'''

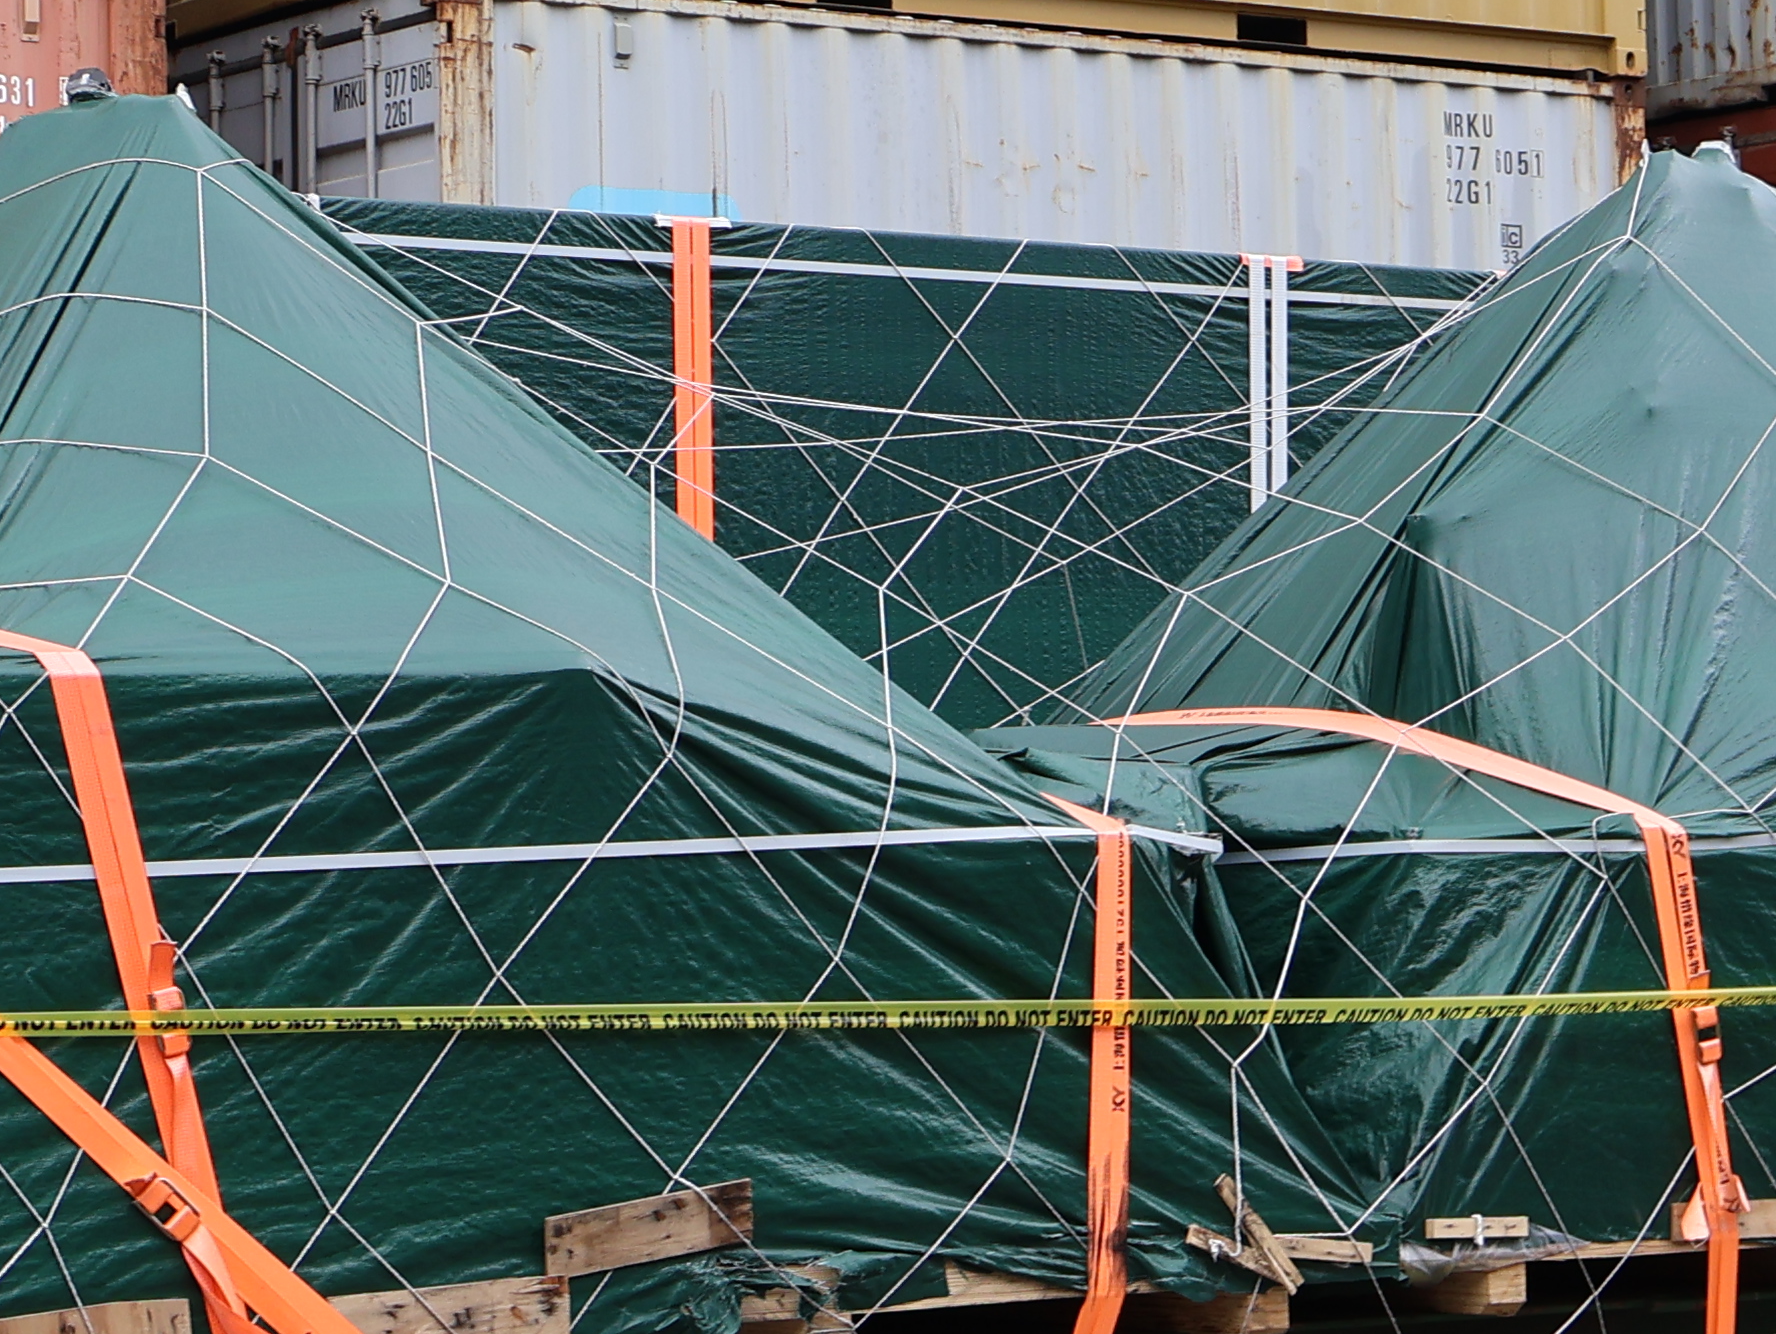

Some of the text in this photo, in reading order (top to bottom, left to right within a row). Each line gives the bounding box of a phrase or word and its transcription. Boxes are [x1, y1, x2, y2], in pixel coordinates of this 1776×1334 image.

[384, 67, 407, 99] 977
[410, 61, 433, 93] 605
[384, 97, 413, 130] 22G1
[1442, 110, 1493, 138] MRKU
[1445, 144, 1481, 171] 977
[1445, 177, 1492, 205] 22G1
[1122, 1008, 1328, 1026] CAUTION DO NOT ENTER
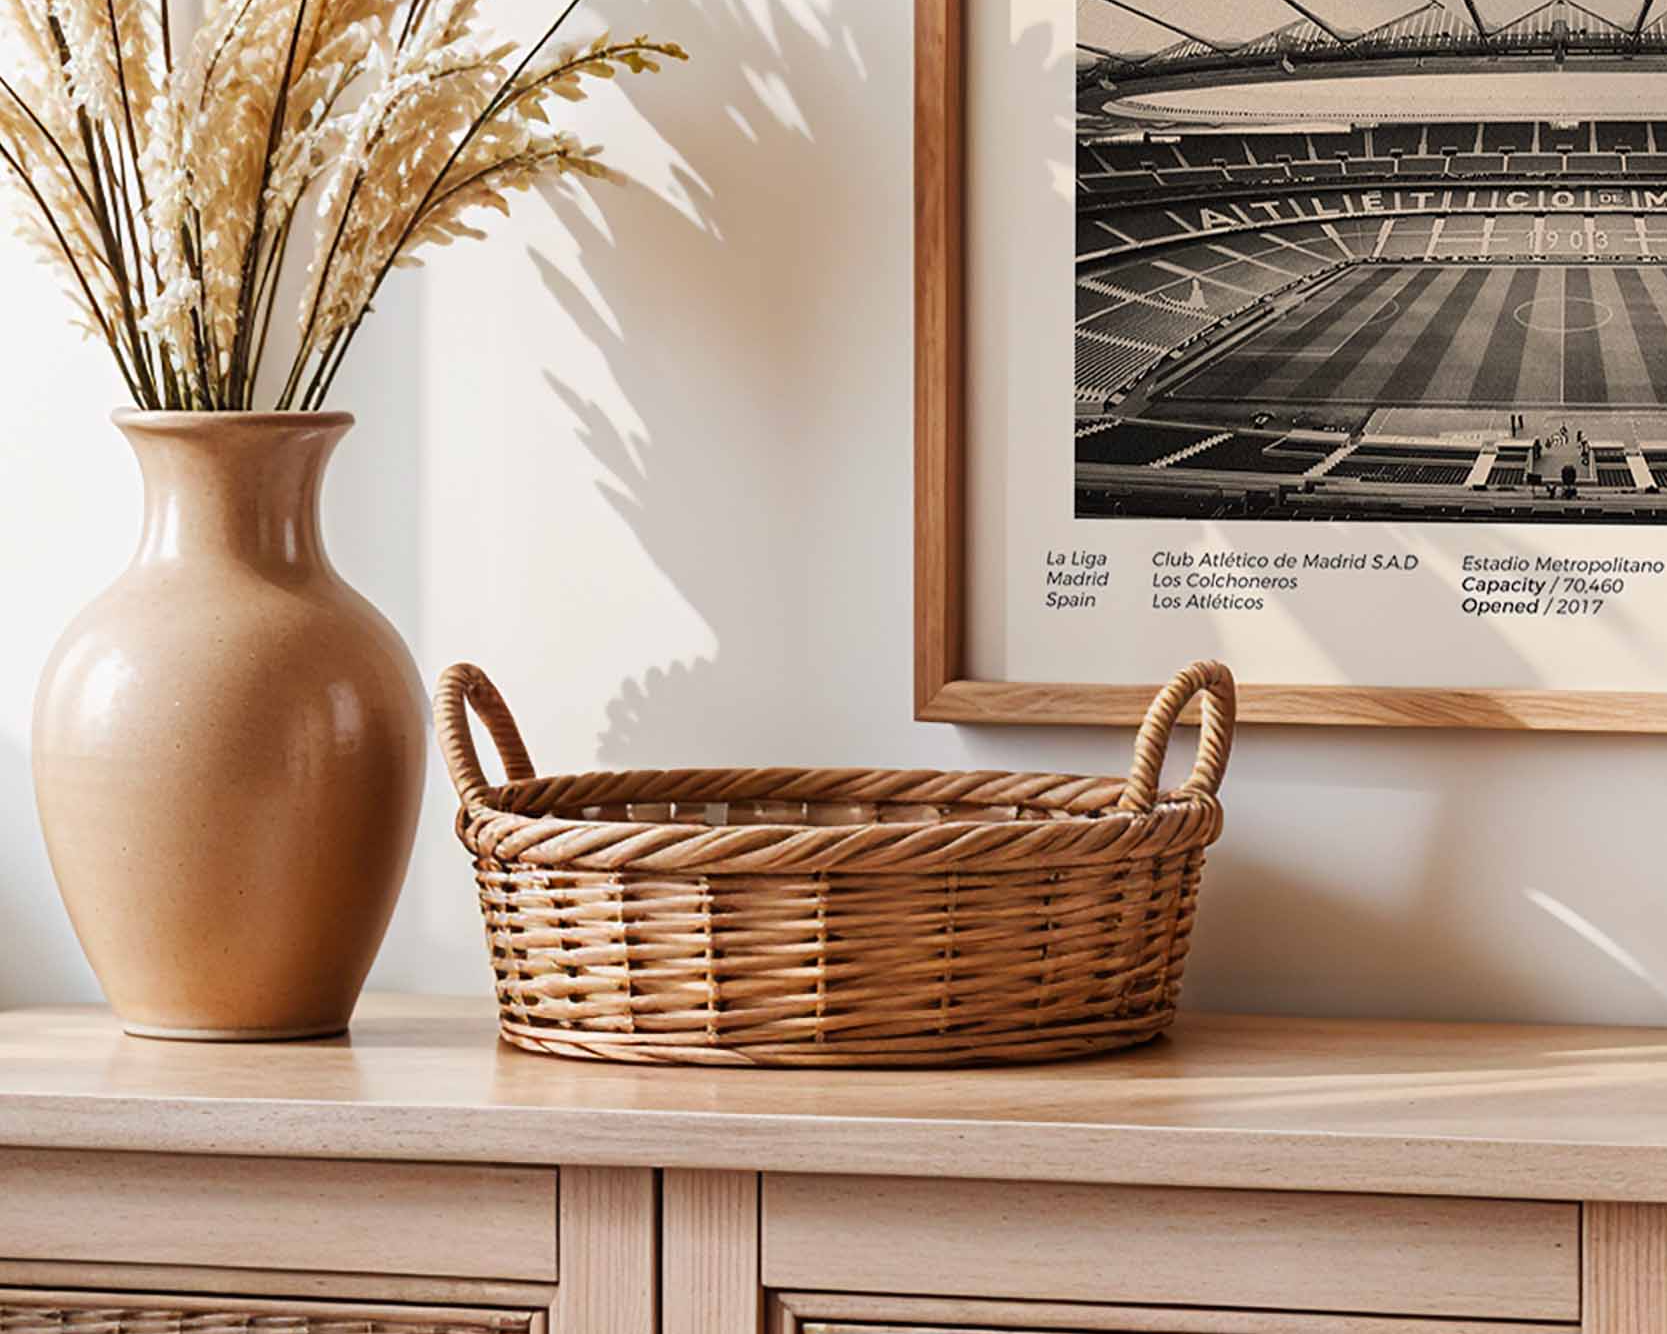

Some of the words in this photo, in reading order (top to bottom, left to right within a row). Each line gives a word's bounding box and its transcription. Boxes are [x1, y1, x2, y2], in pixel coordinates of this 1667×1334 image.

'''

Assignment:
The reply should reproduce every entry above word for word and contain no pictures.

Exercise response:
Some of the text in this photo, in reading order (top to bottom, left to right within a row). Each line gives the bounding box of a phrase or word and its transcription. Boxes are [x1, y1, x2, y2], in pixel coordinates of this 1776×1334 image.

[384, 67, 407, 99] 977
[410, 61, 433, 93] 605
[384, 97, 413, 130] 22G1
[1442, 110, 1493, 138] MRKU
[1445, 144, 1481, 171] 977
[1445, 177, 1492, 205] 22G1
[1122, 1008, 1328, 1026] CAUTION DO NOT ENTER

Some of the words in this photo, in reading order (top to bottom, left to right within a row). Each line gives a word's bounding box and its transcription. Boxes are [x1, y1, x2, y2], in pixel coordinates of this 1667×1334 image.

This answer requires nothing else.